The novel opens in the imaginary community of New Hampshire's Penacook in the beginning of the 1900s, where Thomas and Constance Winslow take in 14-year-old orphan the protagonist from St Cloud's home. We are a several years before the action of Cider House, yet Dr Larch remains familiar: already dependent on the drug, respected by his nurses, beginning every speech with “In this place...” But his appearance in this novel is restricted to these initial parts.

The Winslows worry about parenting Esther well: she’s Jewish, and “in what way could they help a young Jewish female understand her place?” To tackle that, we jump ahead to Esther’s adulthood in the 1920s. She will be a member of the Jewish exodus to the area, where she will join Haganah, the pro-Zionist militant group whose “purpose was to defend Jewish settlements from hostile actions” and which would later form the foundation of the IDF.

These are huge subjects to address, but having introduced them, Irving dodges out. Because if it’s frustrating that the novel is hardly about the orphanage and Wilbur Larch, it’s all the more upsetting that it’s additionally not really concerning the titular figure. For motivations that must involve story mechanics, Esther becomes a surrogate mother for a different of the couple's offspring, and bears to a baby boy, James, in 1941 – and the majority of this book is the boy's narrative.

And at this point is where Irving’s obsessions come roaring back, both typical and distinct. Jimmy goes to – of course – Vienna; there’s mention of avoiding the draft notice through self-mutilation (Owen Meany); a dog with a symbolic designation (the animal, meet the earlier dog from Hotel New Hampshire); as well as wrestling, sex workers, authors and male anatomy (Irving’s throughout).

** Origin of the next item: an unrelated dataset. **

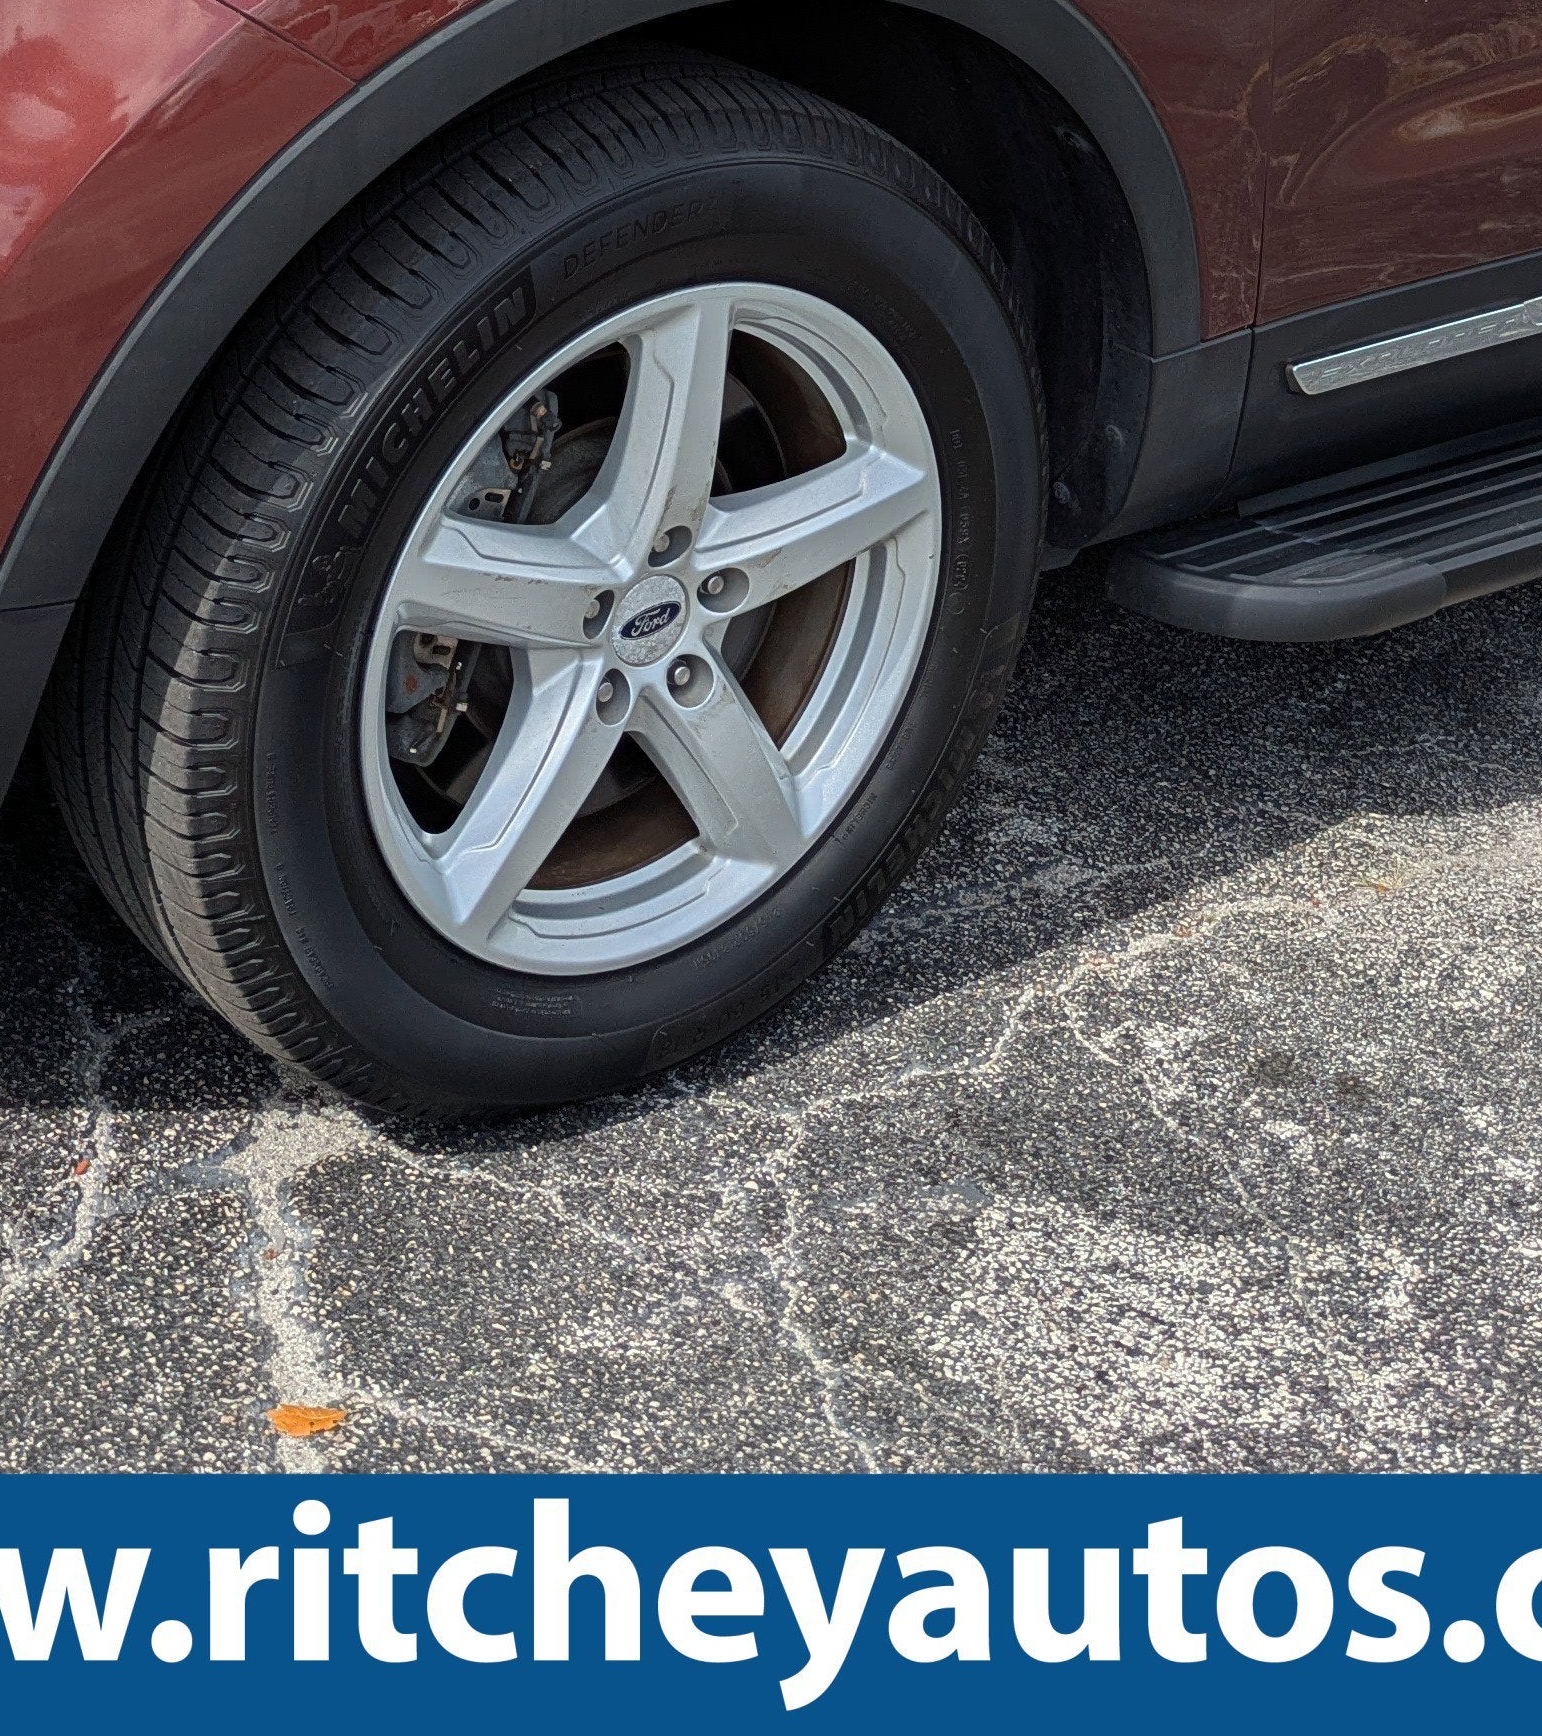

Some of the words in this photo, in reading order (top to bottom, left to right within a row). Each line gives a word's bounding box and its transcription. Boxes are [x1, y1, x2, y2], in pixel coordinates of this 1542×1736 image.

The character is a more mundane character than the female lead suggested to be, and the minor figures, such as students Claude and Jolanda, and Jimmy’s teacher Eissler, are one-dimensional as well. There are a few nice scenes – Jimmy deflowering; a brawl where a few thugs get battered with a walking aid and a air pump – but they’re short-lived.

Irving has not ever been a subtle novelist, but that is is not the difficulty. He has always repeated his ideas, foreshadowed narrative turns and let them to build up in the viewer's mind before bringing them to resolution in lengthy, shocking, funny moments. For instance, in Irving’s works, anatomical features tend to disappear: remember the oral part in Garp, the finger in Owen Meany. Those absences reverberate through the story. In Queen Esther, a major figure is deprived of an arm – but we only learn 30 pages before the end.

She comes back toward the end in the story, but just with a last-minute feeling of concluding. We not once learn the complete account of her time in the region. Queen Esther is a disappointment from a writer who once gave such joy. That’s the negative aspect. The positive note is that His Classic Novel – I reread it in parallel to this work – even now remains beautifully, 40 years on. So read it in its place: it’s double the length as the new novel, but a dozen times as good.